ASSIGNMENT:
Starting at the line that contains "this 1920×1440 image.", transcribe every remaining line of the data below exactly, and omit all pictures.

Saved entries
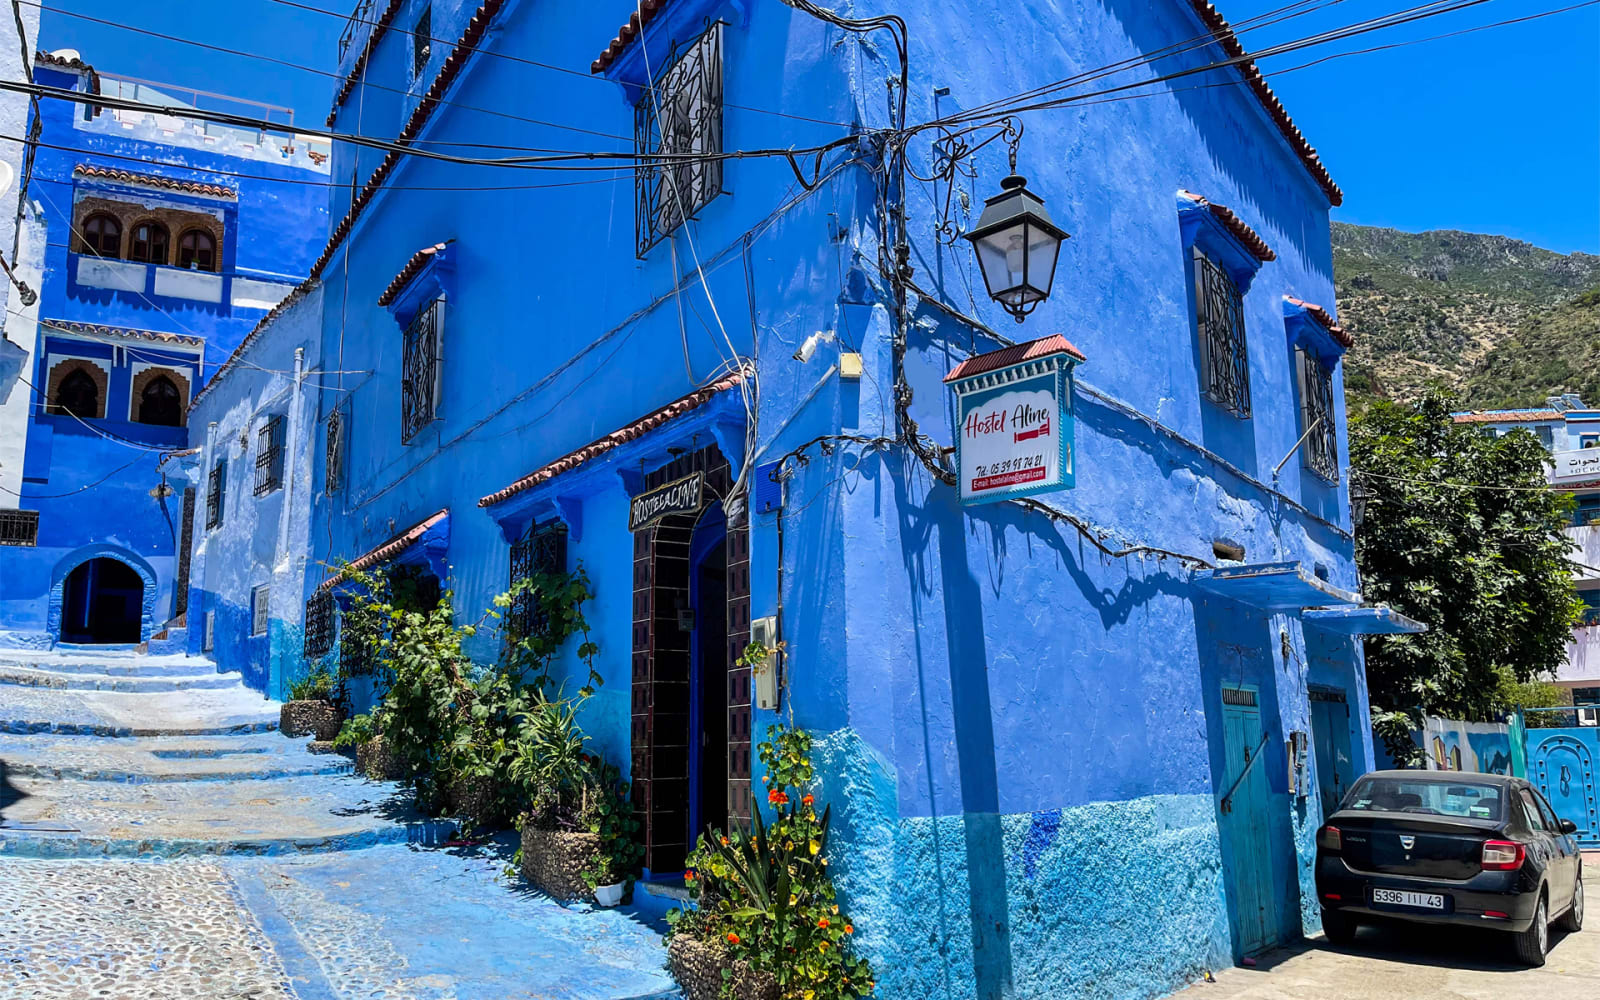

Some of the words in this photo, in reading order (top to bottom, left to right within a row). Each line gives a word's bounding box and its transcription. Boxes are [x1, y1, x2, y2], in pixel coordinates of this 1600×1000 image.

[965, 410, 1006, 438] Hostel
[1011, 404, 1049, 428] Aline
[990, 463, 999, 474] 05
[1001, 460, 1010, 473] 39
[1013, 457, 1022, 470] 98
[1024, 457, 1033, 468] 74
[1034, 454, 1042, 466] 21
[632, 494, 664, 527] HOSTEL
[661, 475, 700, 509] ALINE
[1375, 890, 1403, 903] 5396
[1427, 895, 1442, 907] 43
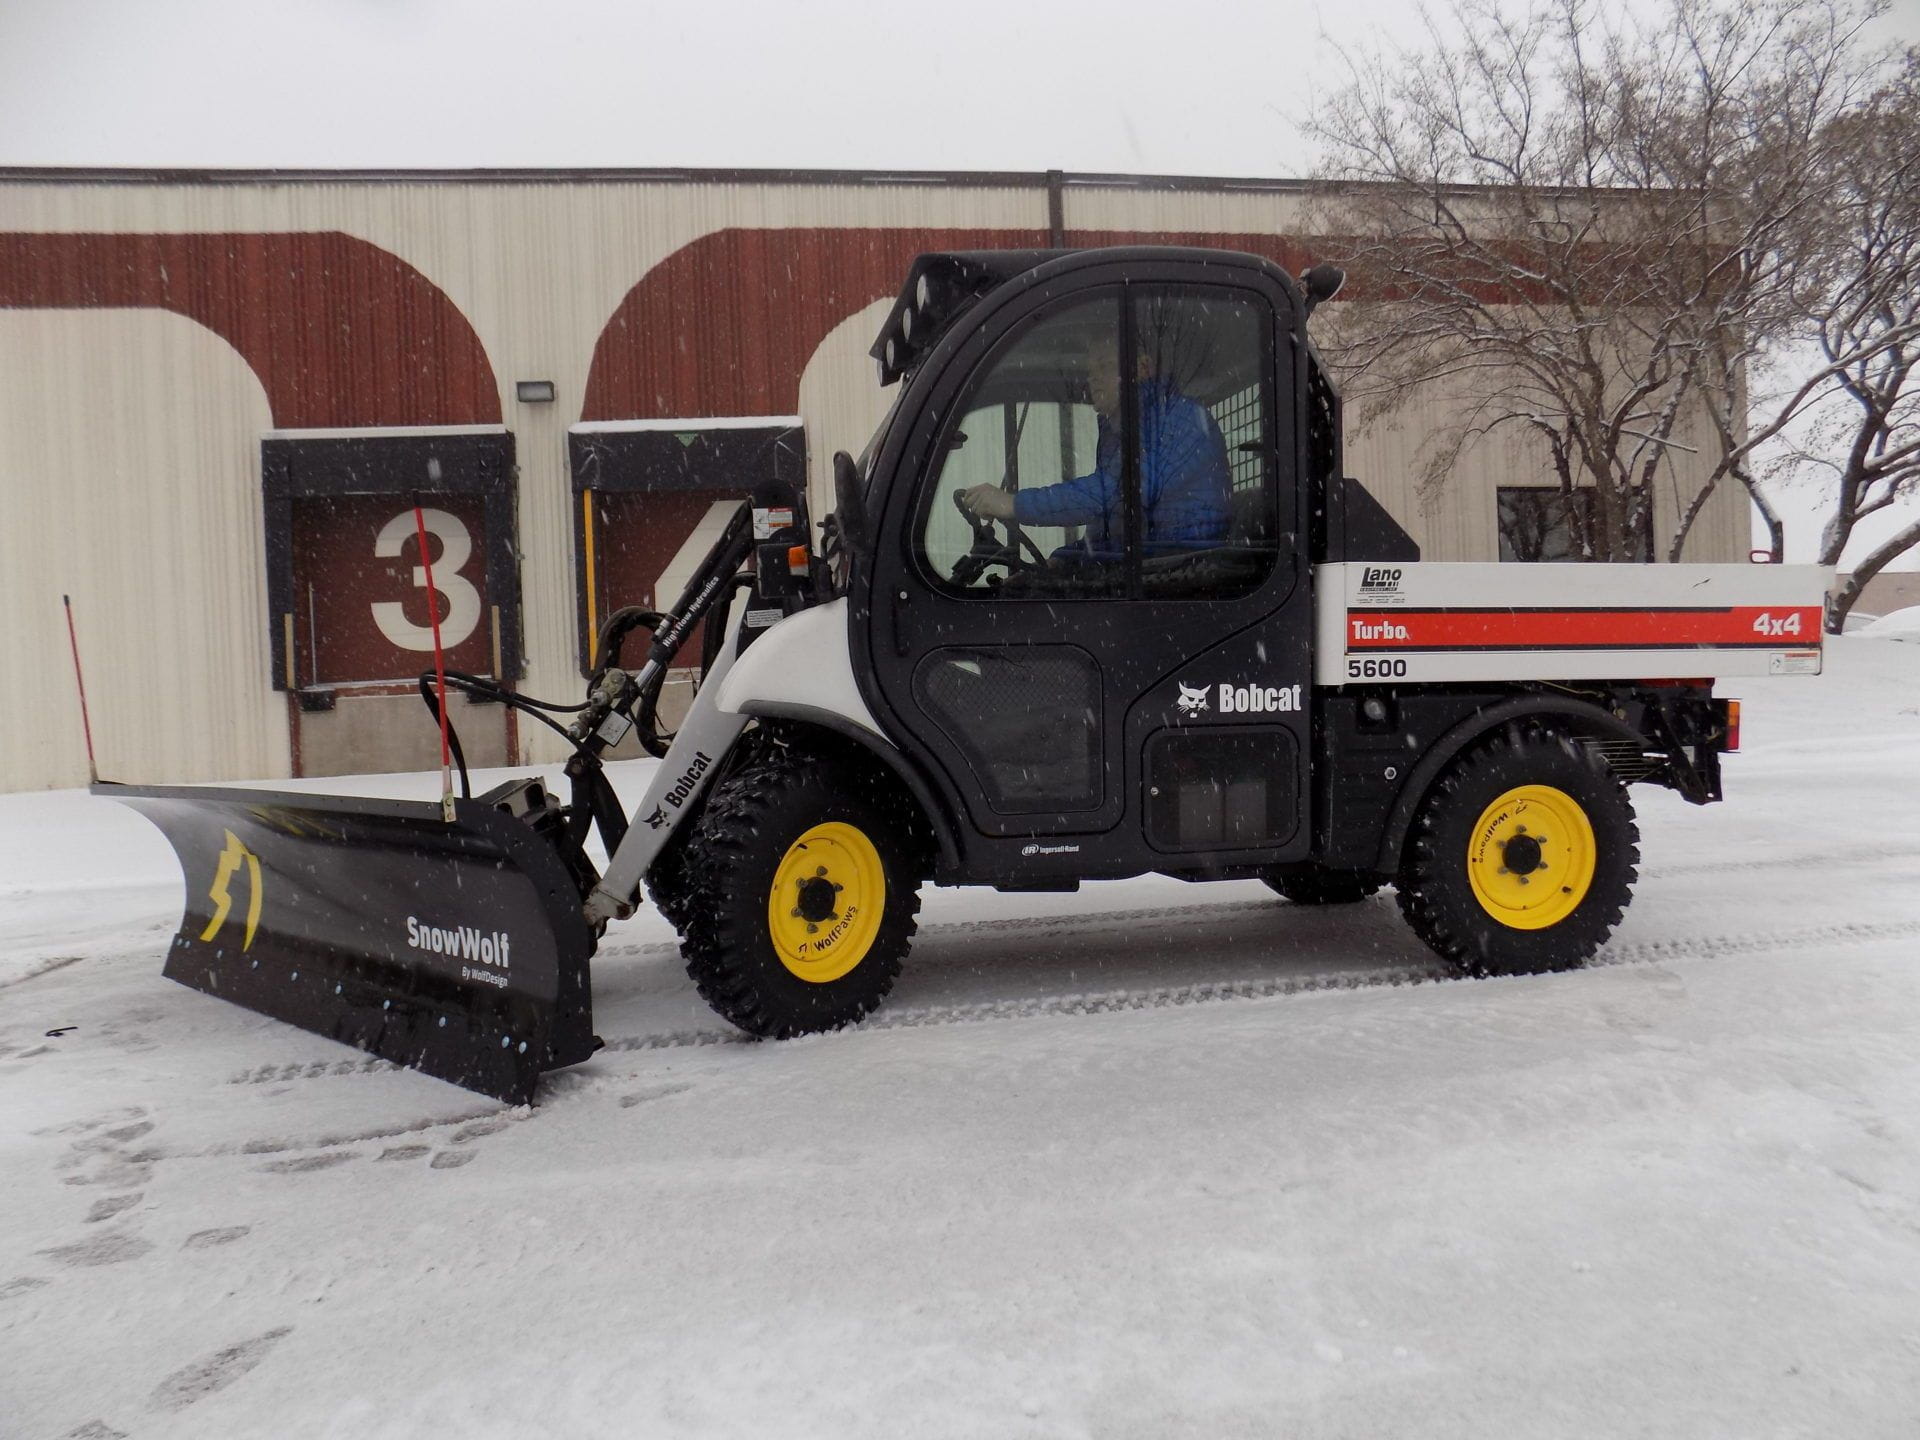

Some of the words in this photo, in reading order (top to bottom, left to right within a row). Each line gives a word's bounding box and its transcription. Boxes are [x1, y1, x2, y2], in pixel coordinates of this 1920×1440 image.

[370, 508, 481, 652] 3
[1361, 567, 1402, 587] Lano
[662, 629, 679, 648] High
[675, 612, 692, 631] Flow
[688, 576, 720, 613] Hydraulics
[1753, 613, 1800, 636] 4x4
[1352, 620, 1406, 640] Turbo
[1348, 659, 1407, 678] 5600
[1219, 683, 1302, 713] Bobcat
[664, 751, 713, 809] Bobcat
[406, 915, 510, 968] SnowWolf
[814, 905, 857, 951] WolfPaws
[462, 966, 471, 980] By
[471, 968, 509, 989] WolfDesign
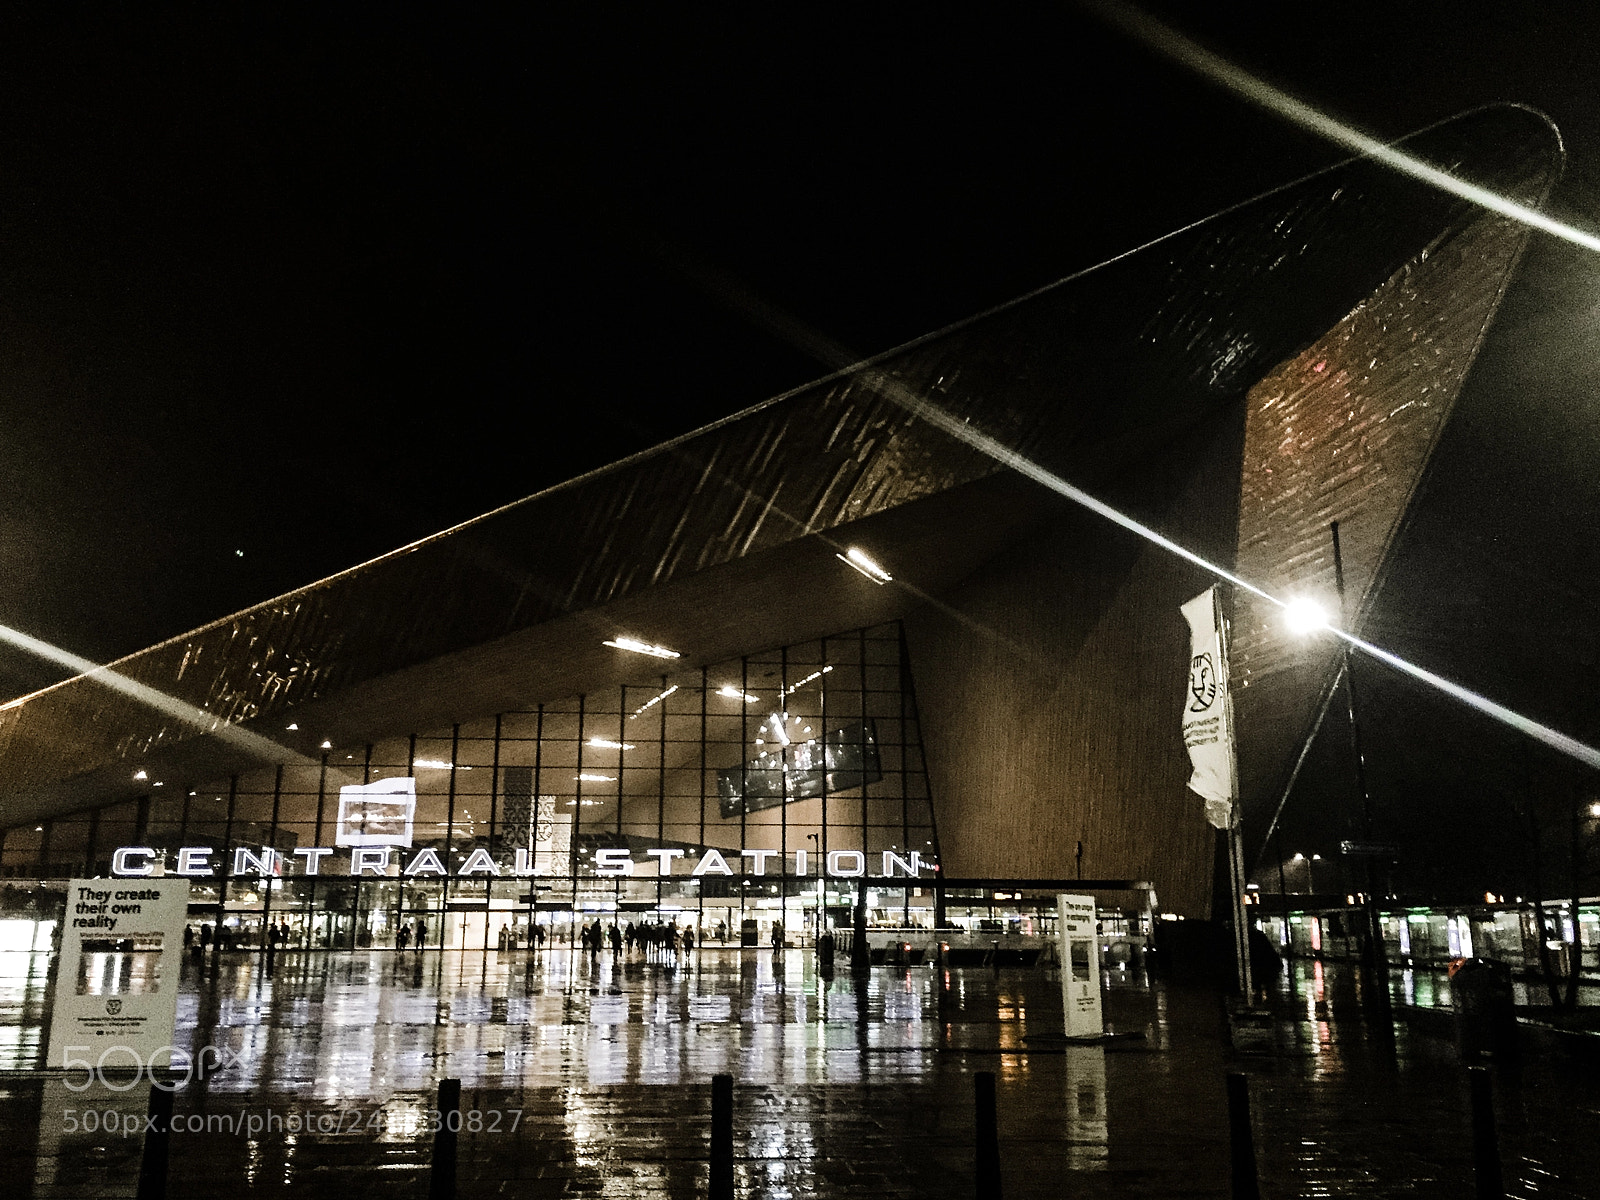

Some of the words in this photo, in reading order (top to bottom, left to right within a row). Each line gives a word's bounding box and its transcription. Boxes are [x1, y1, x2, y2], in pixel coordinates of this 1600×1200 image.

ANSWER TO THIS PROBLEM:
Some of the words in this photo, in reading order (top to bottom, left to right within a row). Each line gives a word's bounding box and its transcription. Boxes are [x1, y1, x2, y2], in pixel coordinates of this 1920×1440 image.

[370, 508, 481, 652] 3
[1361, 567, 1402, 587] Lano
[662, 629, 679, 648] High
[675, 612, 692, 631] Flow
[688, 576, 720, 613] Hydraulics
[1753, 613, 1800, 636] 4x4
[1352, 620, 1406, 640] Turbo
[1348, 659, 1407, 678] 5600
[1219, 683, 1302, 713] Bobcat
[664, 751, 713, 809] Bobcat
[406, 915, 510, 968] SnowWolf
[814, 905, 857, 951] WolfPaws
[462, 966, 471, 980] By
[471, 968, 509, 989] WolfDesign

Some of the words in this photo, in reading order (top to bottom, left to right within a row). Each line gives a word's bounding box and its transcription. Boxes are [x1, y1, x2, y2], in pixel coordinates of this 1600×1200 image.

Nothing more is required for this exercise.